**Assigned task**
Only the pictures should be left out; repeat the rest of the data exactly.

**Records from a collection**
■ ■ ■ ■ ■
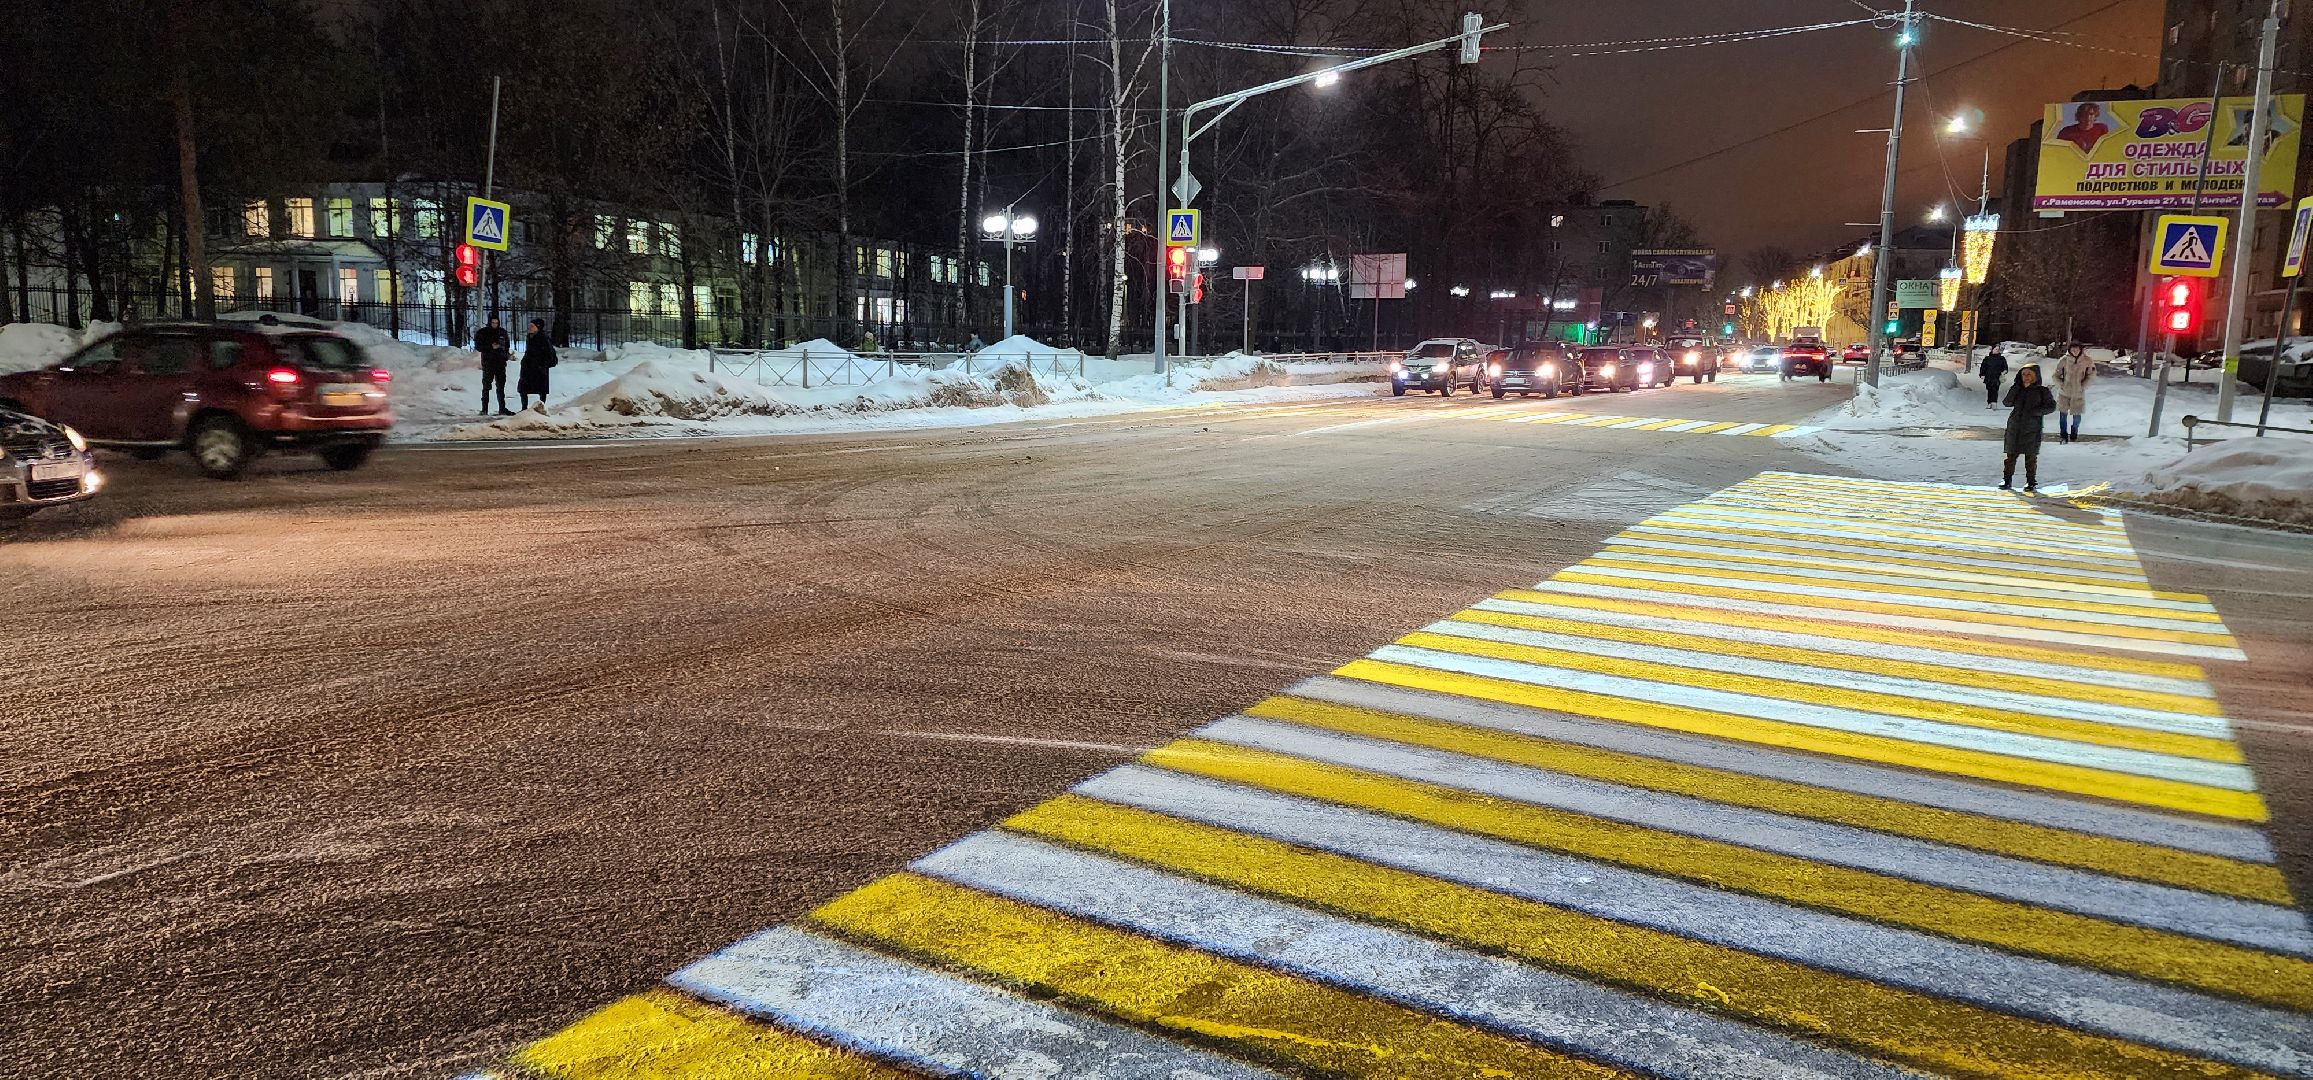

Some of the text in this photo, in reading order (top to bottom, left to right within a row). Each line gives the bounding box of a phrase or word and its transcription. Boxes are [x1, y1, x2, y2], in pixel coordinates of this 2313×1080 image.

[2086, 163, 2127, 179] ДЛЯ
[2077, 181, 2158, 193] ПОДРОСТКОВ
[2165, 181, 2174, 191] И
[2042, 198, 2105, 206] г.Раменское,
[2162, 198, 2178, 206] 27,
[1631, 274, 1658, 288] 24/7
[1899, 281, 1930, 290] ОКНА
■ ■ ■ ■ ■
**Answer area**
Some of the text in this photo, in reading order (top to bottom, left to right within a row). Each line gives the bounding box of a phrase or word and its transcription. Boxes are [x1, y1, x2, y2], in pixel coordinates of this 2313×1080 image.

[2086, 163, 2127, 179] ДЛЯ
[2077, 181, 2158, 193] ПОДРОСТКОВ
[2165, 181, 2174, 191] И
[2042, 198, 2105, 206] г.Раменское,
[2162, 198, 2178, 206] 27,
[1631, 274, 1658, 288] 24/7
[1899, 281, 1930, 290] ОКНА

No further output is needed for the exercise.